Fascinating Background Info, including my discovery: Alfred Hitchcock's Final Secret.

01. Welcome to my Paris-to-Luxembourg Thriller.

02. A Modern Progressive Thriller.

03. Thrillerology Historical Sketch (to 1900)

04. Thrillerology Historical Sketch (since 1900)

05. Bombshell Revelation for Thriller Lovers

06. The Final Secret of Alfred Hitchcock

07. Gender Equality & Plot Structures A Century After Buchan

2. A Modern Progressive Thriller

Thriller As Novel of Ideas. Many thrillers (by definition, suspenseful novels jacked up to lightning speed and relentlessly crackling tension) very nicely (when they are done right) follow the curve of good-versus-evil in a stark, unreflective manner. The hero, who most likely is made interesting by his (or her) flaws, fights evil in the form of gangsters, enemy spies, or even alien invaders. It's all a bit one-dimensional, in a starkly bipolar world (dark/light); the author's ability to manipulate moral shades of gray (ambiguity) will determine how strong or weak. Think, for example, James M. Cain with his classic 1930s noir. Yeah, that works.
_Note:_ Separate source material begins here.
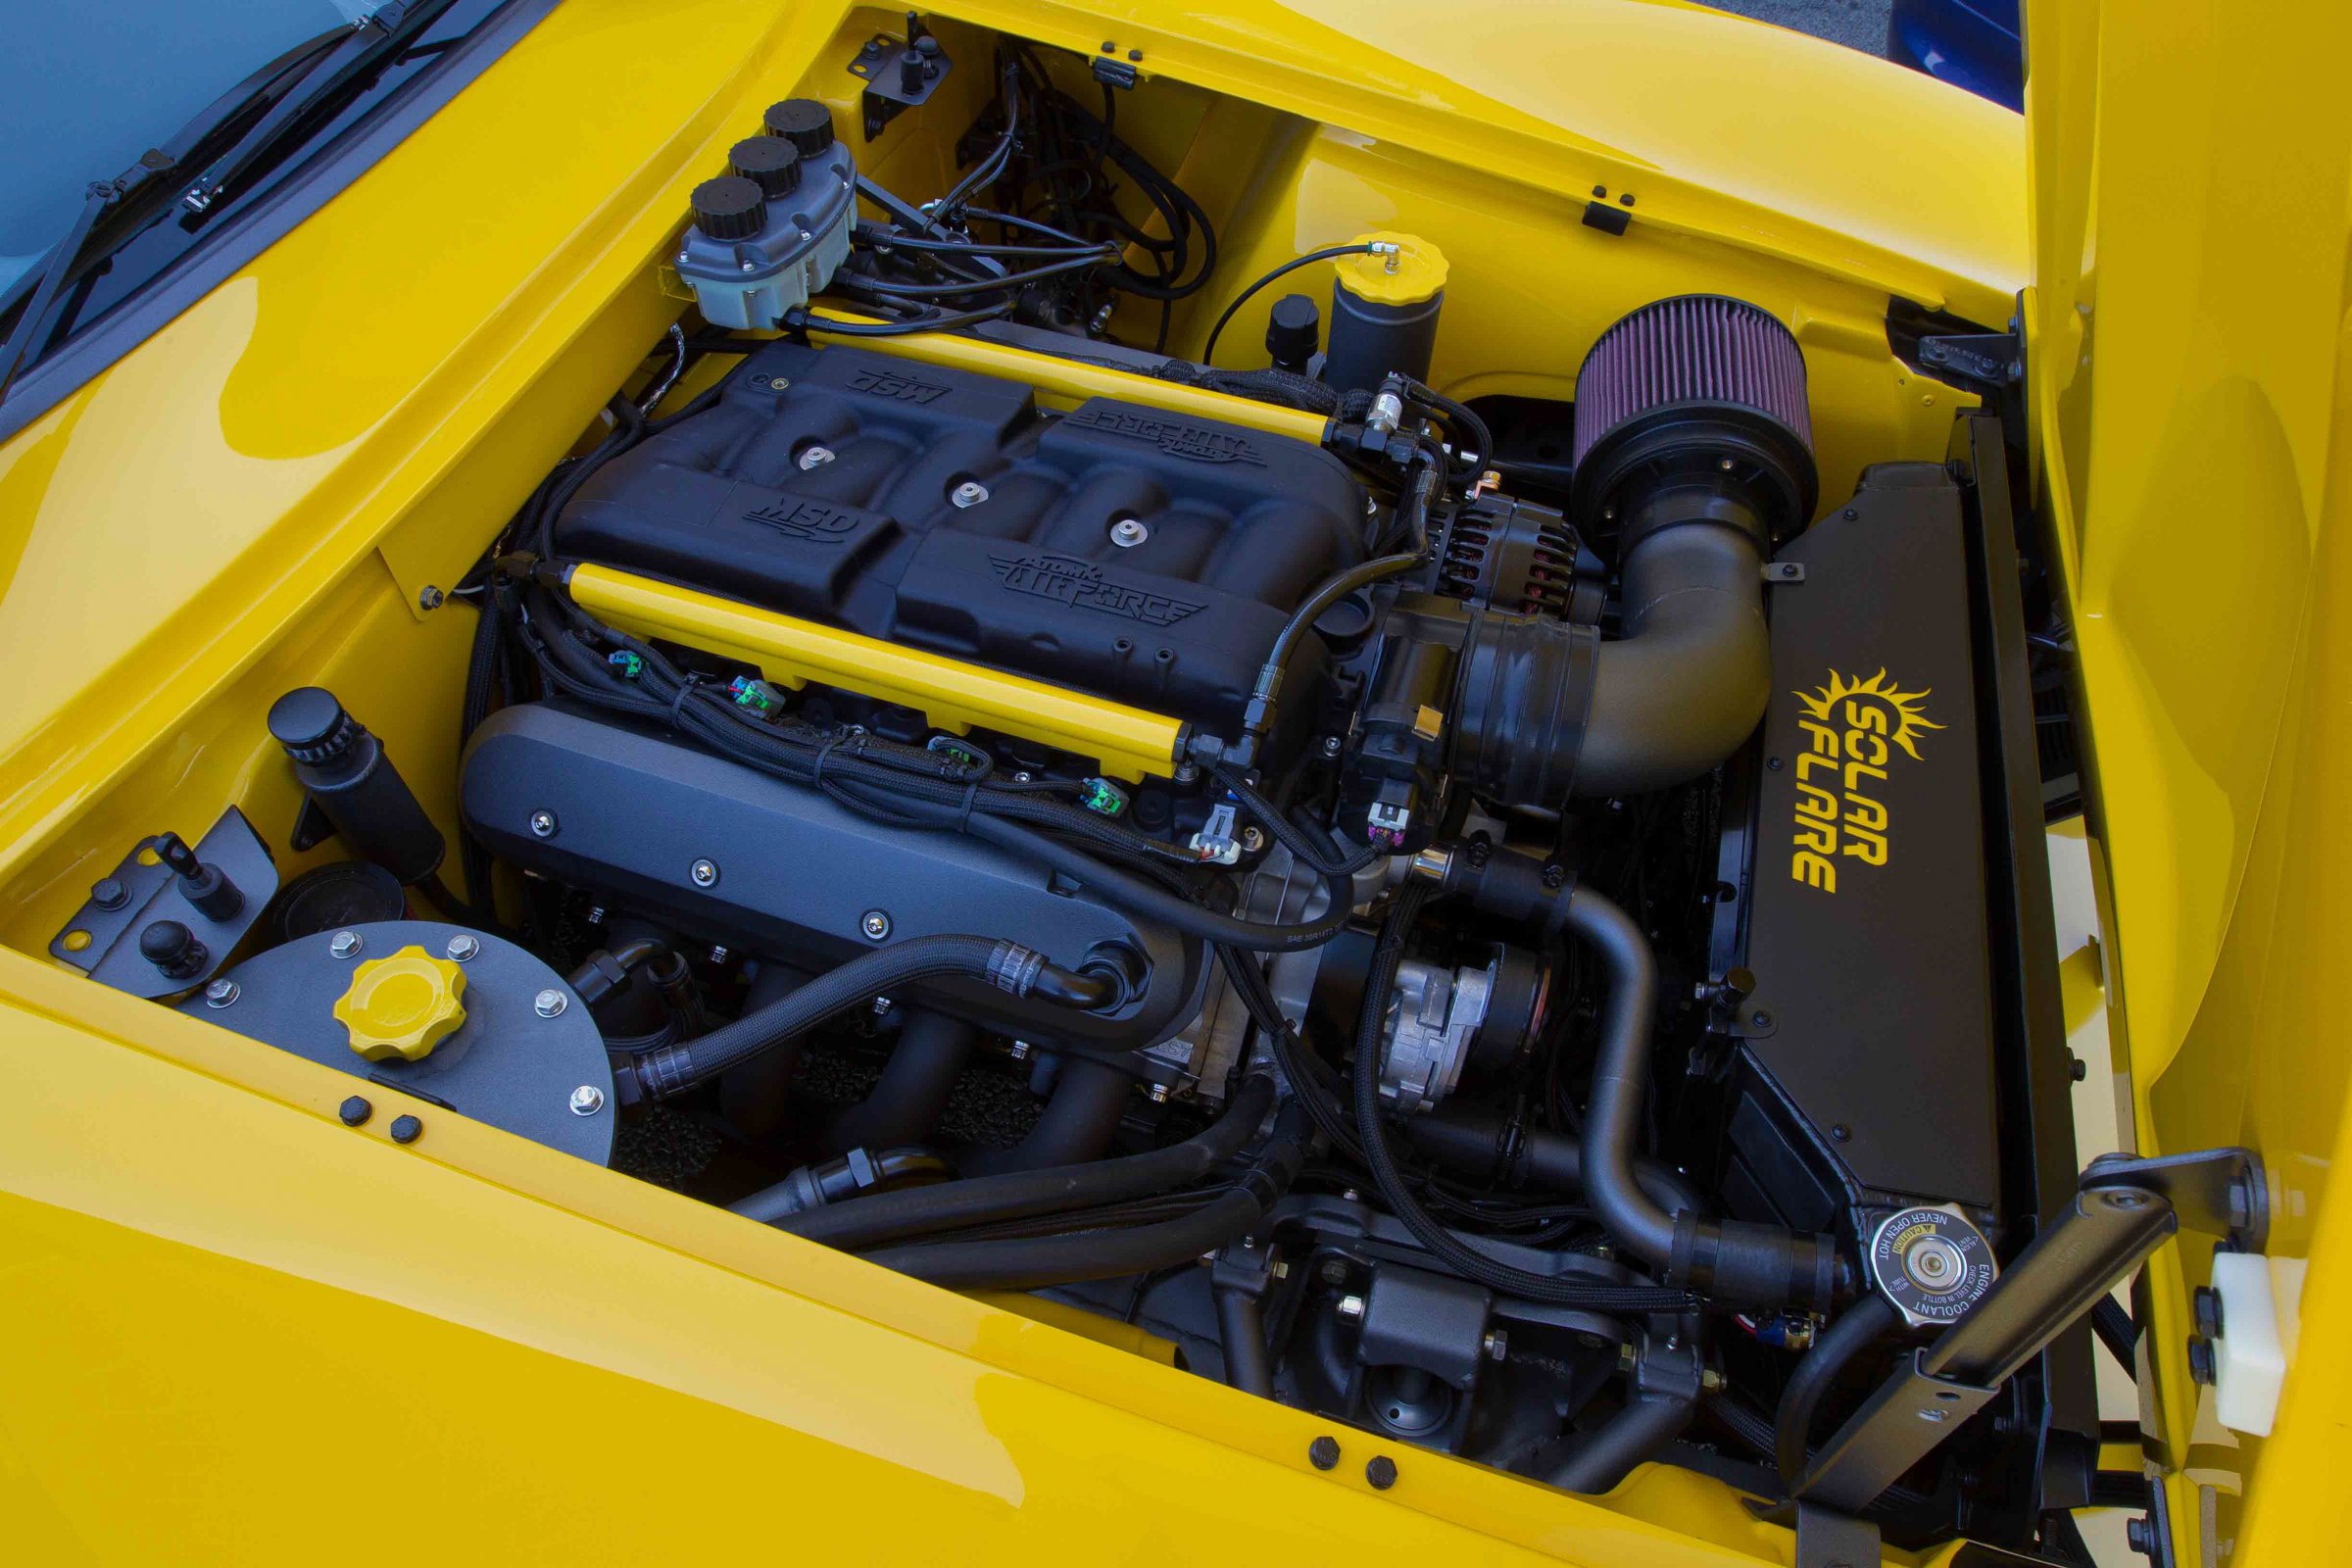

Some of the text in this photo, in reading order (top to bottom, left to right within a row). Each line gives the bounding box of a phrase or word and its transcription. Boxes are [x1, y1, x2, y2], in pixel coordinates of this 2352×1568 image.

A fewer number of thrillers are clearly more philosophical on the grand (political, social) spectrum. I mention a few authors (Wells, London, Huxley, et al. below). I could add plenty of others: John Dos Passos' sprawling, delicious USA Trilogy, Ayn Rand's paranoid, thoughtful Anthem, Ursula K. LeGuin's thoughtful SF novels… and we'd quickly run out of room here. On this page, I'll discuss primarily a few thrillers of political ideas. Mine is a progressive thriller, meaning human rights for all. I could easily digress into a long book here, but we don't have room or time as I strive to really tell you the literary antecedents and background of this particular novel (Valley of Seven Castles, a Luxembourg Thriller).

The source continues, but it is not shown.